▸ **AIM OF THE TASK**: Hand back all records exactly, pictures omitted.

-.-.-

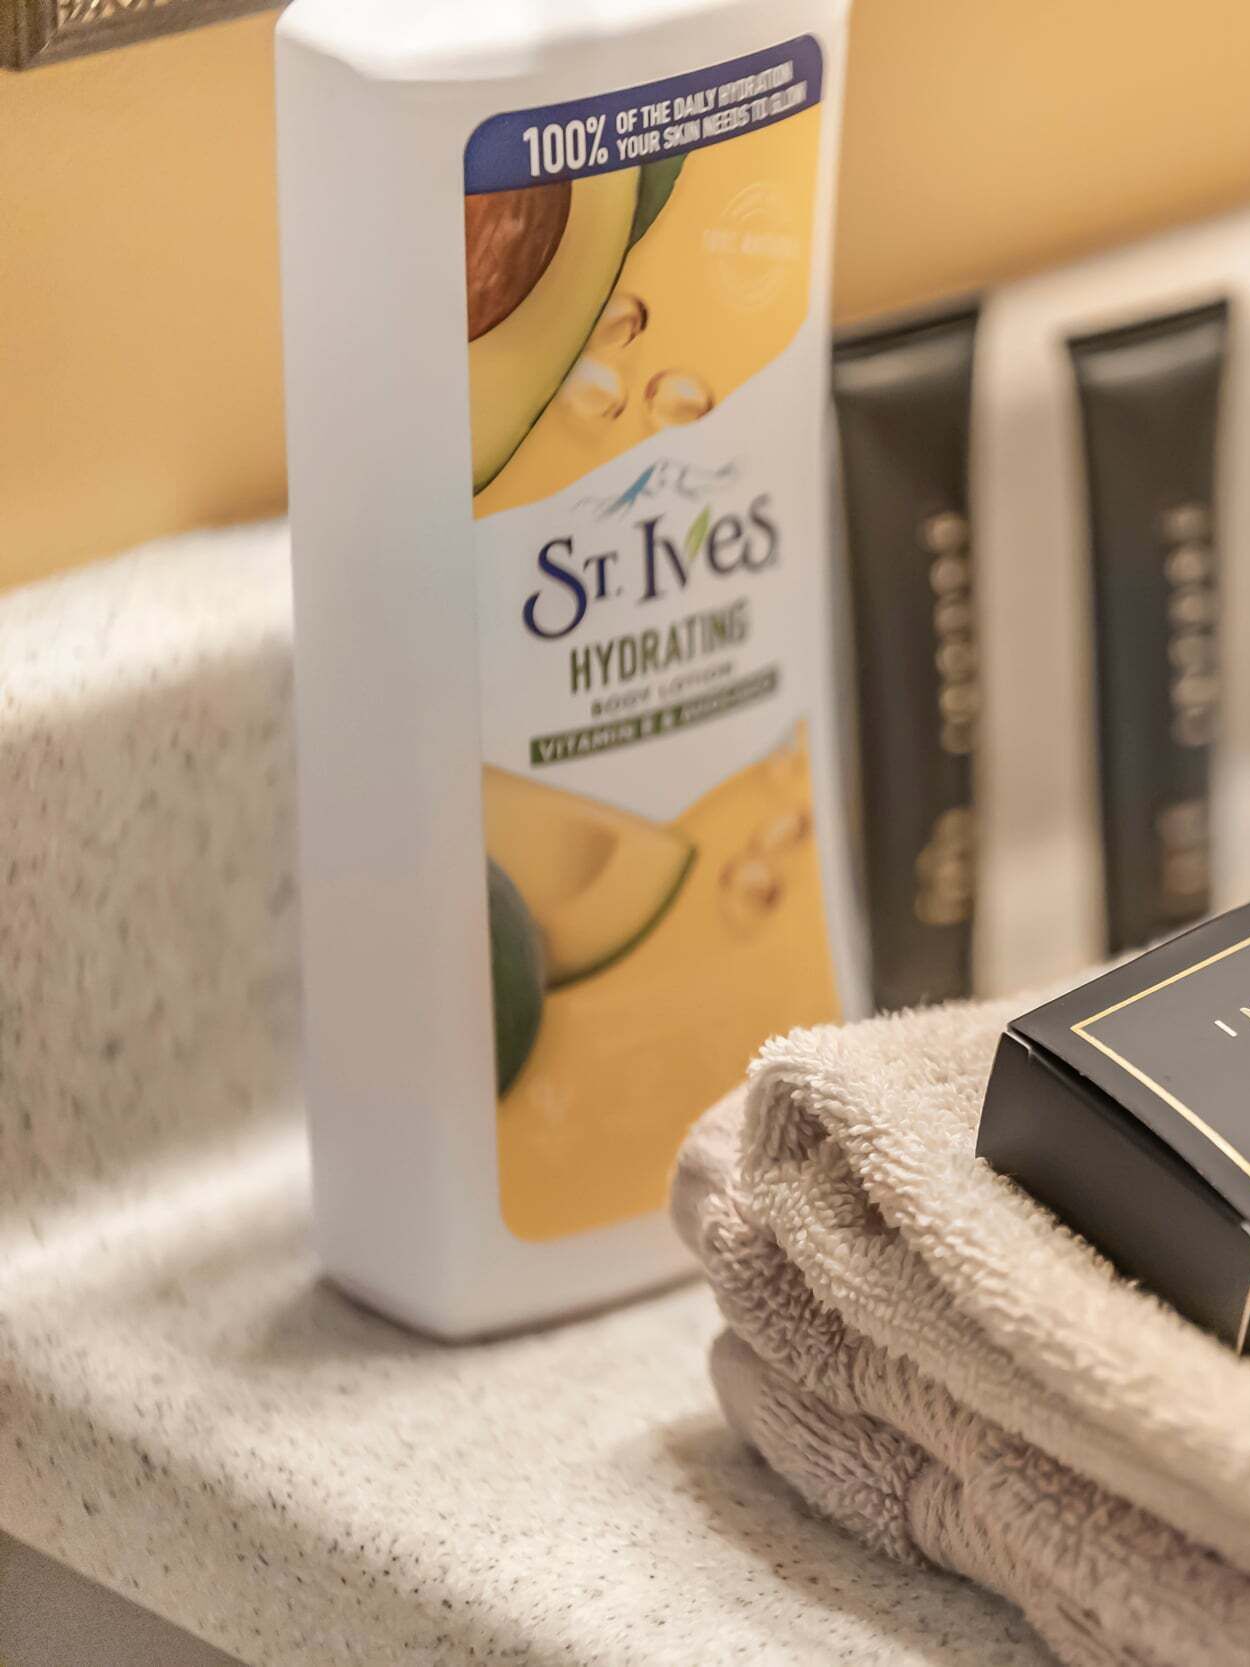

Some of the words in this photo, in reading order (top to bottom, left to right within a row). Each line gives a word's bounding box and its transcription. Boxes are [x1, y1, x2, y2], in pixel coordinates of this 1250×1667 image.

[616, 108, 638, 134] OF
[640, 100, 671, 128] THE
[673, 88, 717, 121] DAILY
[718, 60, 794, 108] HYDRATION
[617, 130, 660, 160] YOUR
[663, 118, 700, 150] SKIN
[702, 103, 751, 138] NEEDS
[752, 97, 769, 122] TO
[523, 115, 608, 177] 100%
[569, 598, 748, 694] HYDRATING

-.-.-

▸ **EXERCISE SOLUTION**:
Some of the words in this photo, in reading order (top to bottom, left to right within a row). Each line gives a word's bounding box and its transcription. Boxes are [x1, y1, x2, y2], in pixel coordinates of this 1250×1667 image.

[616, 108, 638, 134] OF
[640, 100, 671, 128] THE
[673, 88, 717, 121] DAILY
[718, 60, 794, 108] HYDRATION
[617, 130, 660, 160] YOUR
[663, 118, 700, 150] SKIN
[702, 103, 751, 138] NEEDS
[752, 97, 769, 122] TO
[523, 115, 608, 177] 100%
[569, 598, 748, 694] HYDRATING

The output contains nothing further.